## The task
What you produce should be an exact transcription of the data, minus any pictures.
+===+
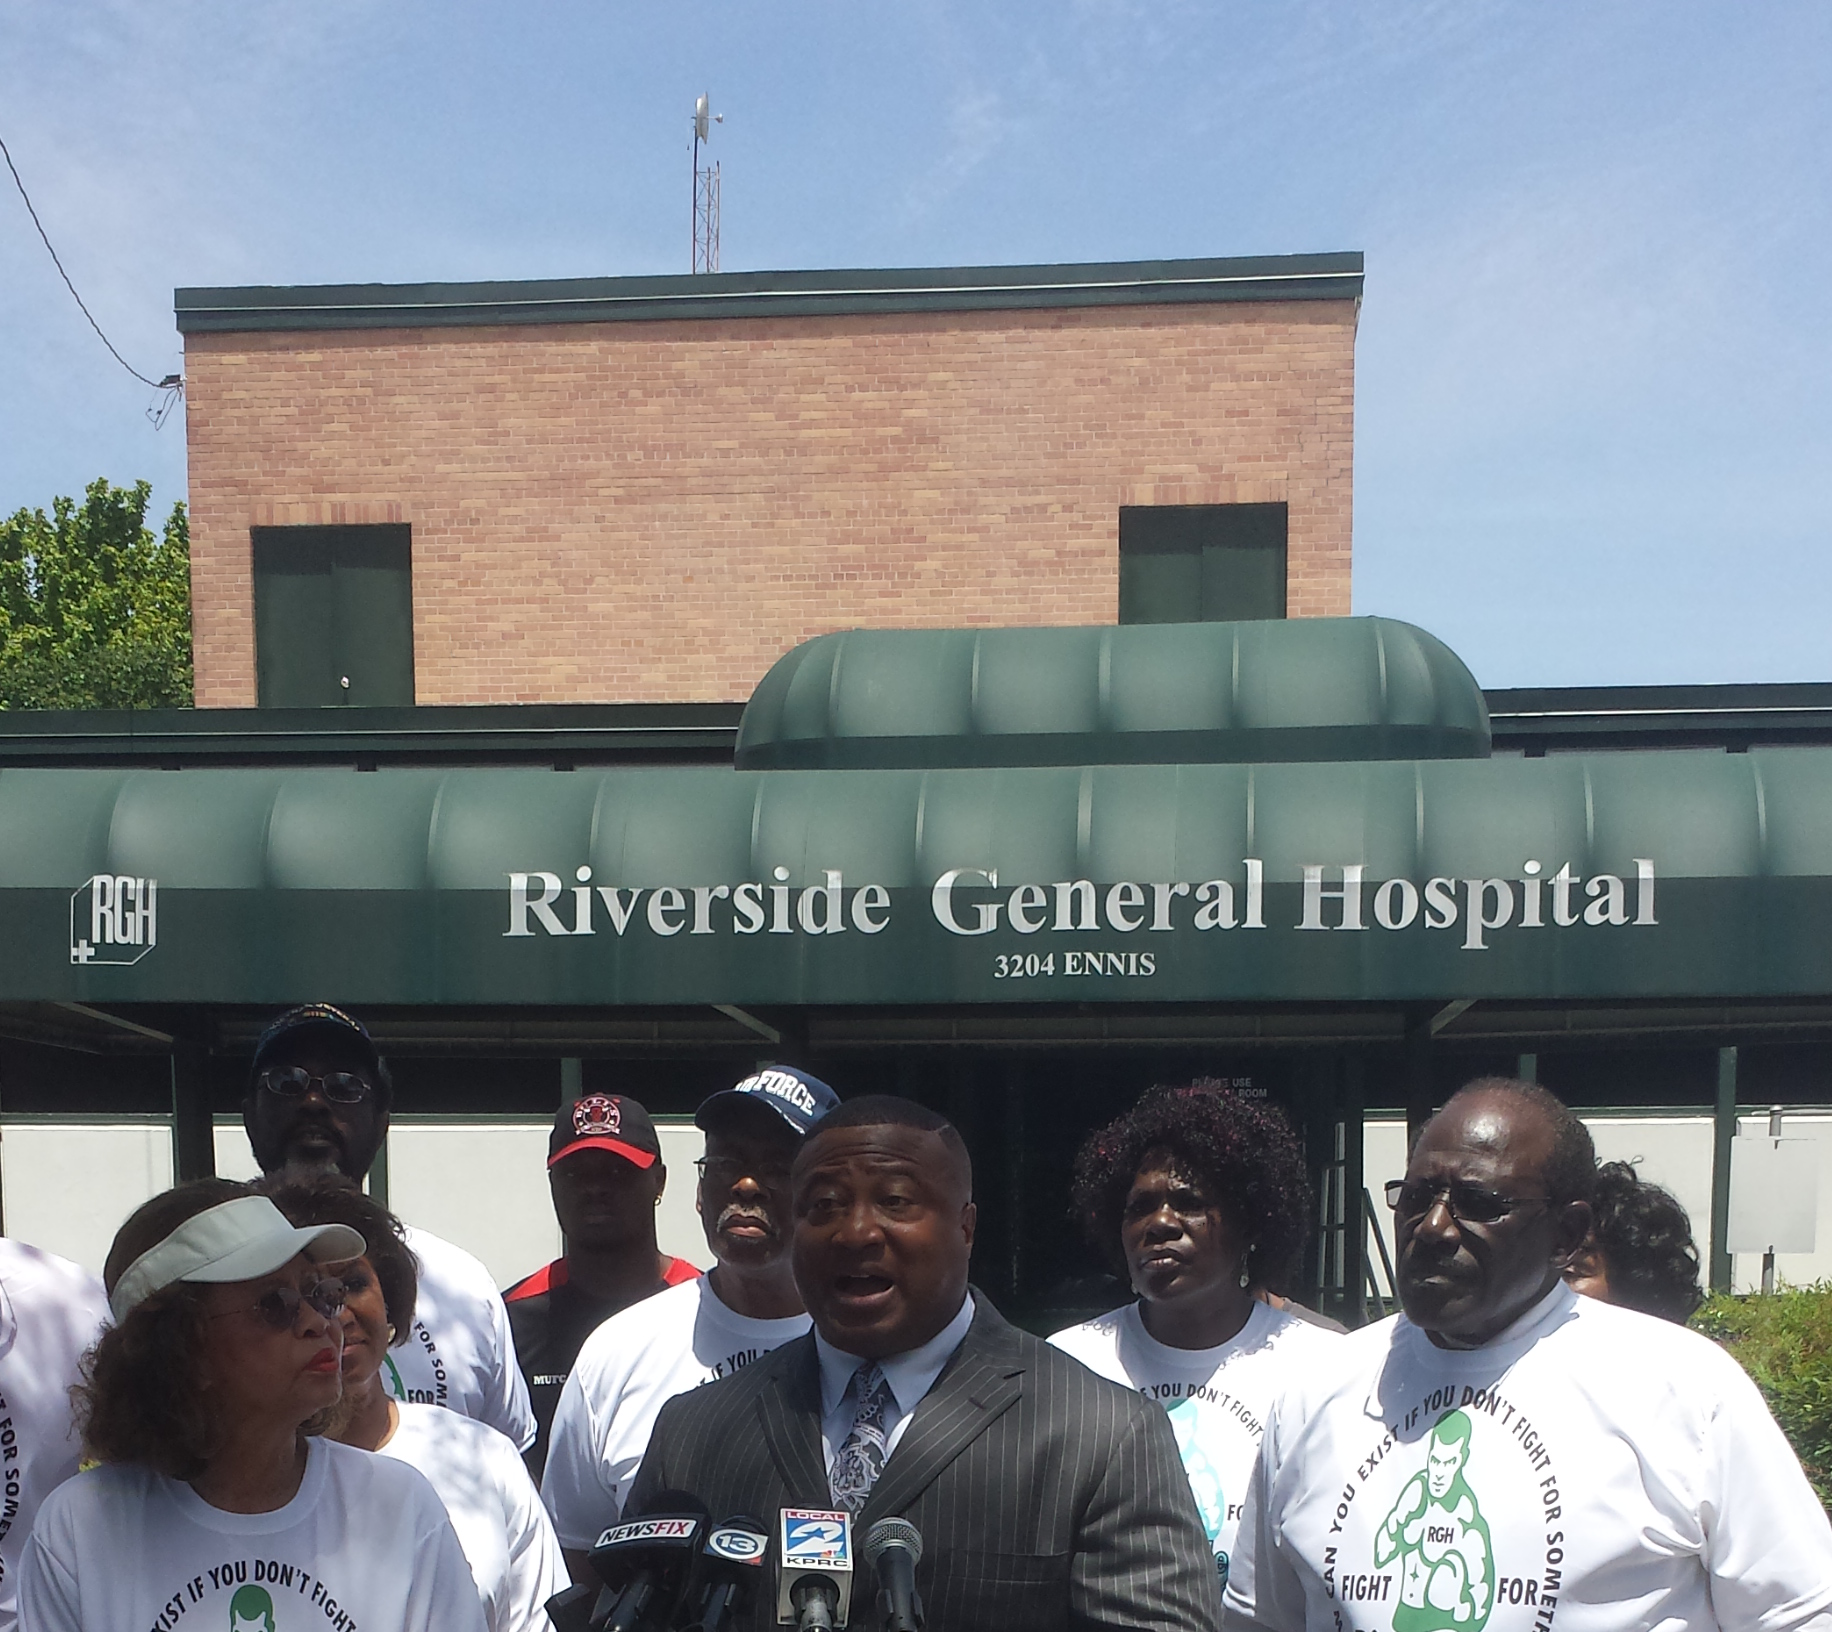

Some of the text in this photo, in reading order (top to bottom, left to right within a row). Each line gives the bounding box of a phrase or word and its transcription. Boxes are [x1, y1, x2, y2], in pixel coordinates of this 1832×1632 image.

[92, 874, 158, 946] RGH
[503, 858, 1660, 951] Riverside General Hospital
[994, 951, 1157, 978] 3204 ENNIS
[754, 1070, 817, 1117] FORCE
[1232, 1077, 1251, 1088] USE
[1238, 1088, 1268, 1098] ROOM
[414, 1322, 436, 1354] FOR
[1150, 1383, 1182, 1399] YOU
[1187, 1383, 1231, 1408] DON'T
[1229, 1400, 1264, 1437] FIGHT
[1423, 1385, 1455, 1416] YOU
[1460, 1385, 1516, 1427] DON'T
[1404, 1408, 1419, 1433] IF
[1357, 1424, 1400, 1483] EXIST
[1512, 1416, 1552, 1474] FIGHT
[787, 1511, 845, 1521] LOCAL
[1328, 1483, 1355, 1534] YOU
[1539, 1474, 1562, 1525] FOR
[601, 1521, 690, 1542] NEWSFIX
[718, 1534, 756, 1554] 13
[785, 1520, 845, 1555] 2
[1426, 1525, 1454, 1545] RGH
[786, 1556, 849, 1568] KPRC
[1324, 1546, 1339, 1599] CAN
[188, 1579, 205, 1604] IF
[208, 1560, 248, 1591] YOU
[254, 1559, 311, 1595] DON'T
[1341, 1574, 1539, 1607] FIGHT FOR
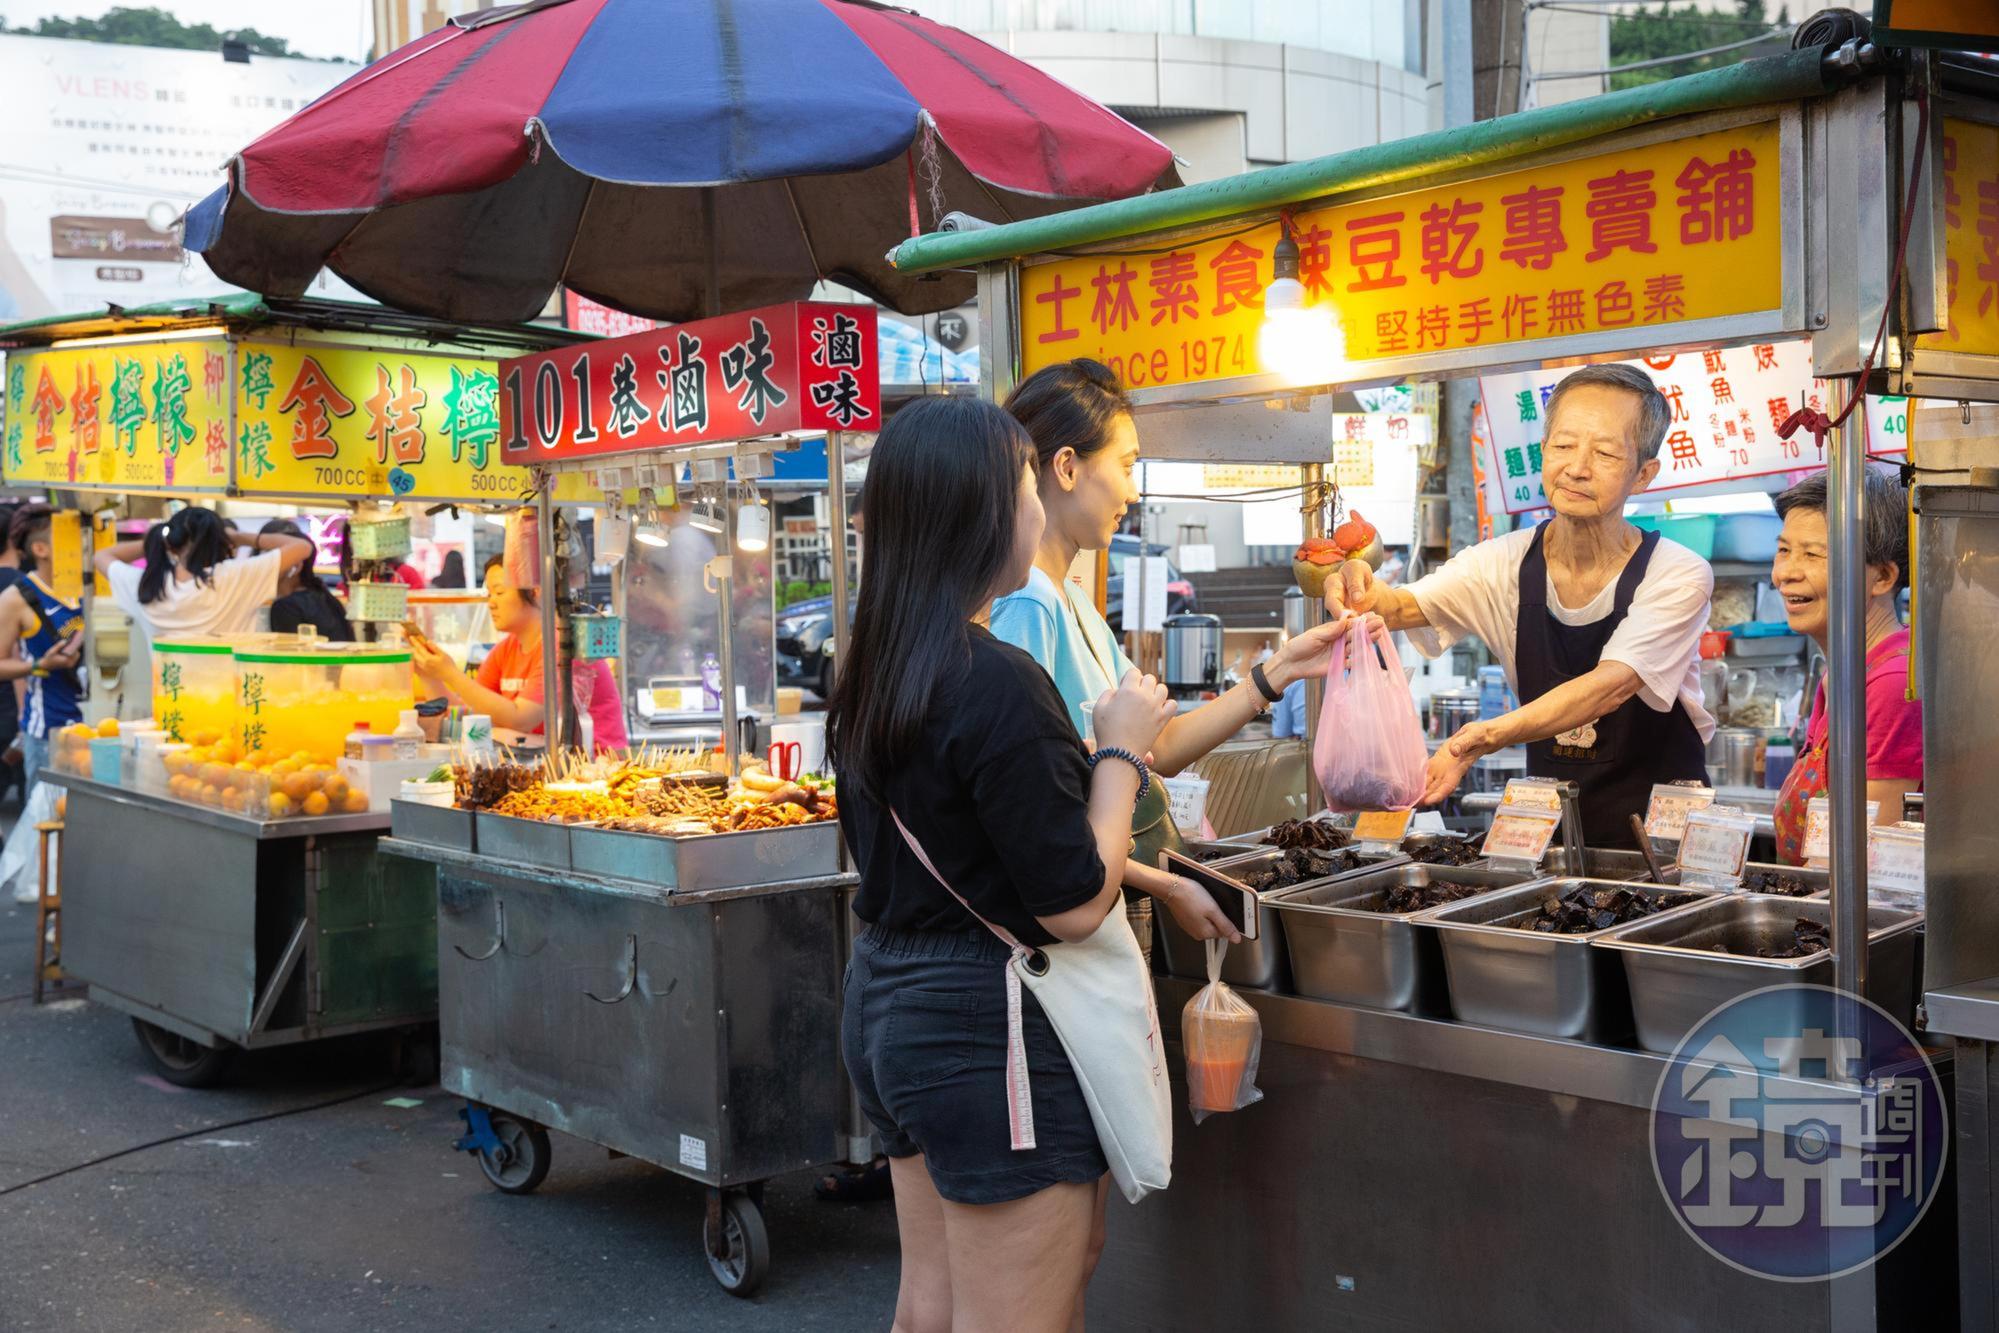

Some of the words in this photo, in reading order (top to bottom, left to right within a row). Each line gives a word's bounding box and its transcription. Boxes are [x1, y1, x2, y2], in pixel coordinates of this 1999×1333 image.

[1376, 275, 1686, 352] 堅持手作無色素
[812, 313, 871, 425] 滷味
[1181, 334, 1245, 378] 1974
[506, 318, 787, 449] 101巷滷味
[31, 353, 195, 457] 金桔檸檬
[240, 351, 275, 478] 檸檬
[1884, 415, 1906, 434] 40
[1730, 448, 1749, 466] 70
[1781, 441, 1799, 459] 70
[314, 467, 365, 485] 700CC
[471, 474, 516, 491] 500CC
[1515, 485, 1530, 501] 40
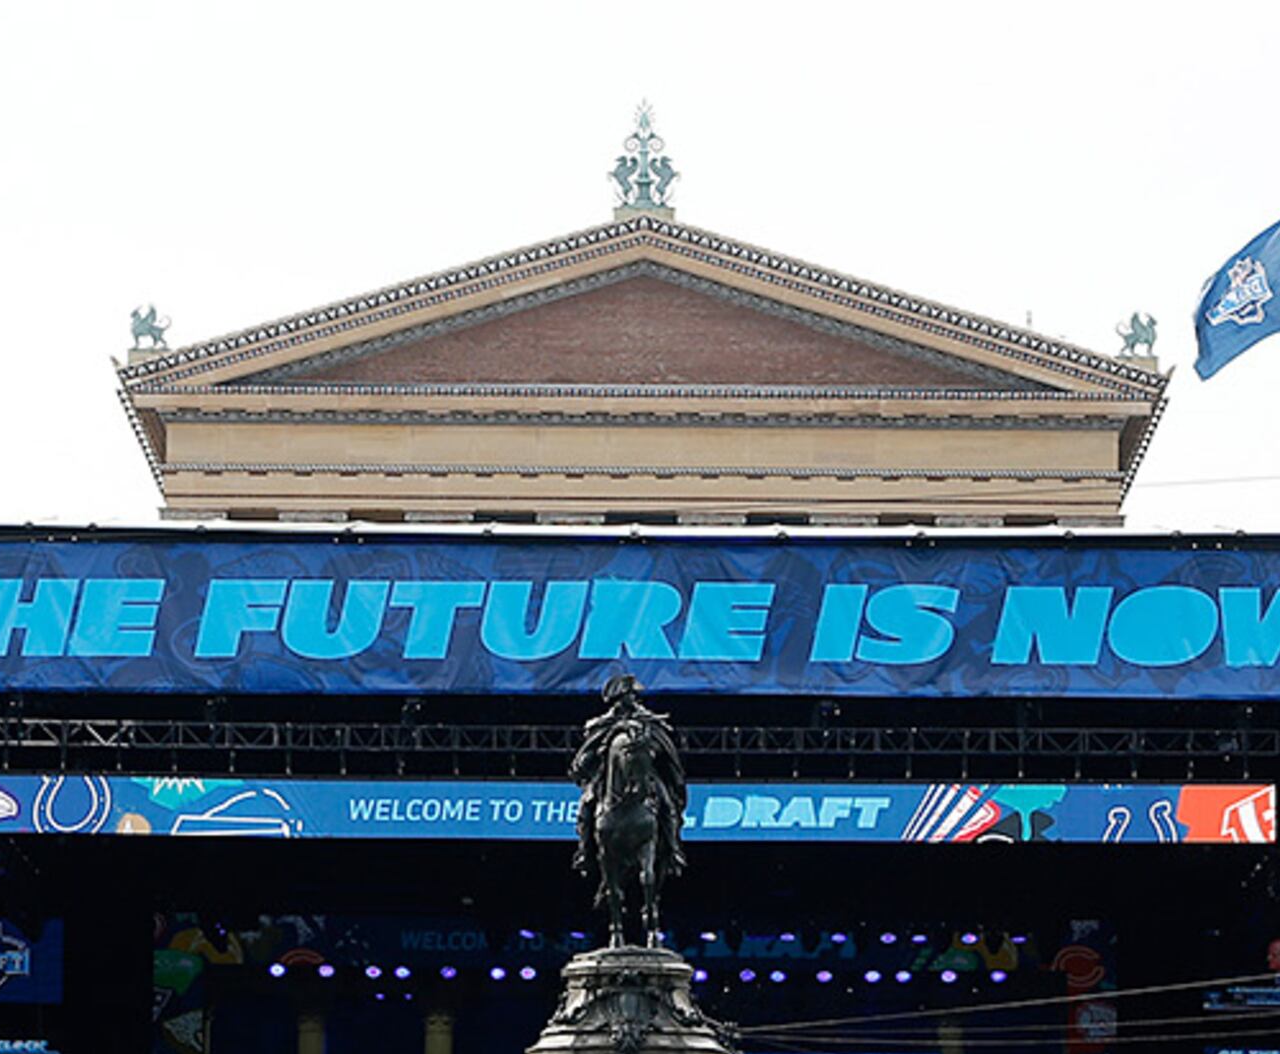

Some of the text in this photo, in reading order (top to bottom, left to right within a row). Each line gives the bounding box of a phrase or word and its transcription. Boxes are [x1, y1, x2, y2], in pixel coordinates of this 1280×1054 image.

[194, 579, 776, 662] FUTURE
[811, 584, 960, 664] IS
[349, 798, 579, 823] WELCOME TO THE
[703, 798, 891, 829] DRAFT
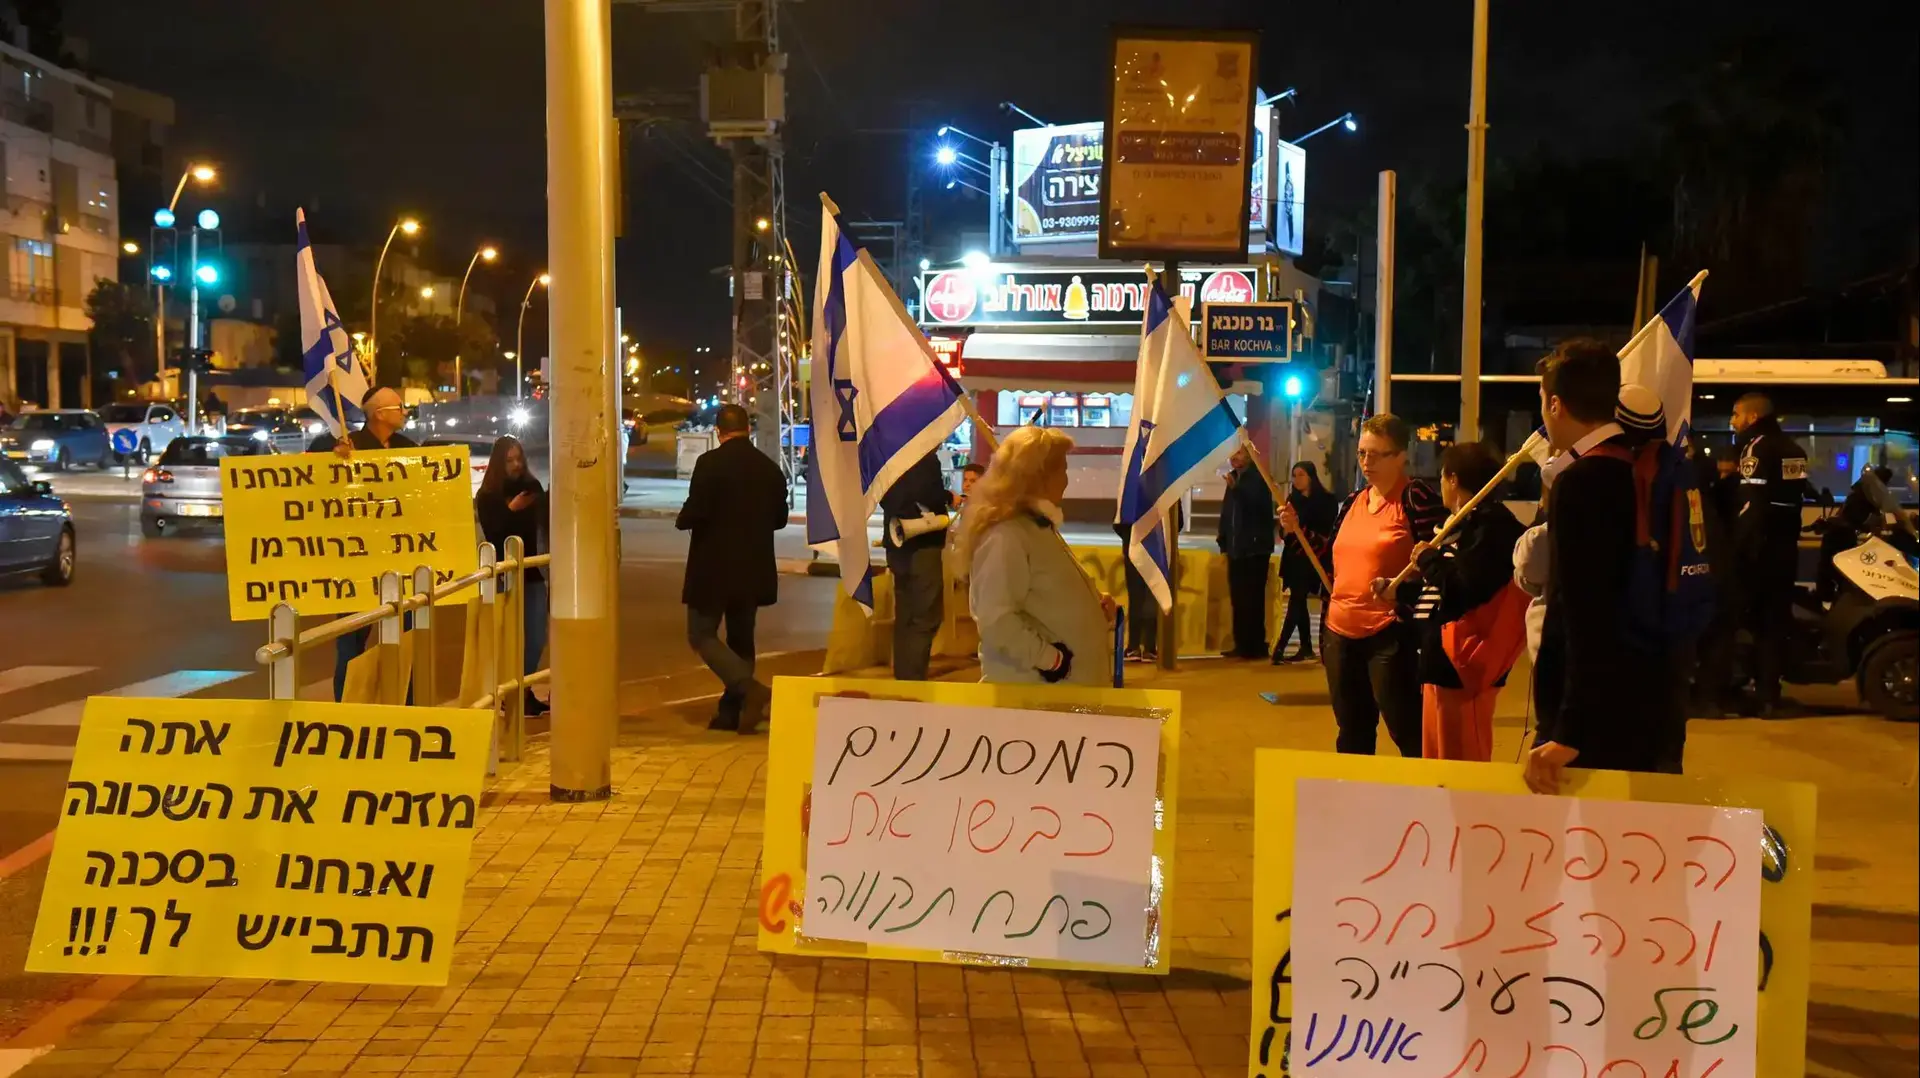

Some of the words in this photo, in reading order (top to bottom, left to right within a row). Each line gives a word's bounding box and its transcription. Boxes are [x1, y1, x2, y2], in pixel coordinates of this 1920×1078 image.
+===+
## Response area
Some of the text in this photo, in reading order (top to bottom, left to right within a row). Each line gives the bounding box of a phrase or word and its transcription. Boxes are [x1, y1, x2, y2], in pixel coordinates of this 1832×1632 image.

[92, 874, 158, 946] RGH
[503, 858, 1660, 951] Riverside General Hospital
[994, 951, 1157, 978] 3204 ENNIS
[754, 1070, 817, 1117] FORCE
[1232, 1077, 1251, 1088] USE
[1238, 1088, 1268, 1098] ROOM
[414, 1322, 436, 1354] FOR
[1150, 1383, 1182, 1399] YOU
[1187, 1383, 1231, 1408] DON'T
[1229, 1400, 1264, 1437] FIGHT
[1423, 1385, 1455, 1416] YOU
[1460, 1385, 1516, 1427] DON'T
[1404, 1408, 1419, 1433] IF
[1357, 1424, 1400, 1483] EXIST
[1512, 1416, 1552, 1474] FIGHT
[787, 1511, 845, 1521] LOCAL
[1328, 1483, 1355, 1534] YOU
[1539, 1474, 1562, 1525] FOR
[601, 1521, 690, 1542] NEWSFIX
[718, 1534, 756, 1554] 13
[785, 1520, 845, 1555] 2
[1426, 1525, 1454, 1545] RGH
[786, 1556, 849, 1568] KPRC
[1324, 1546, 1339, 1599] CAN
[188, 1579, 205, 1604] IF
[208, 1560, 248, 1591] YOU
[254, 1559, 311, 1595] DON'T
[1341, 1574, 1539, 1607] FIGHT FOR

Some of the words in this photo, in reading order (top to bottom, left to right within a row). Each line gives a word's bounding box and its transcription. Boxes are [x1, y1, x2, y2], in pixel coordinates of this 1999×1333 image.

[1376, 275, 1686, 352] 堅持手作無色素
[812, 313, 871, 425] 滷味
[1181, 334, 1245, 378] 1974
[506, 318, 787, 449] 101巷滷味
[31, 353, 195, 457] 金桔檸檬
[240, 351, 275, 478] 檸檬
[1884, 415, 1906, 434] 40
[1730, 448, 1749, 466] 70
[1781, 441, 1799, 459] 70
[314, 467, 365, 485] 700CC
[471, 474, 516, 491] 500CC
[1515, 485, 1530, 501] 40

Some of the text in this photo, in reading order (top to bottom, left to right within a row). Each line gives the bounding box of a phrase or word and its transcription. Boxes are [x1, y1, x2, y2], in pixel coordinates of this 1280×1054 image.

[194, 579, 776, 662] FUTURE
[811, 584, 960, 664] IS
[349, 798, 579, 823] WELCOME TO THE
[703, 798, 891, 829] DRAFT

Some of the words in this photo, in reading order (top to bottom, left to right within a row). Each line gives a word's bounding box and its transcription. Boxes are [x1, y1, x2, y2], in pixel coordinates of this 1920×1078 image.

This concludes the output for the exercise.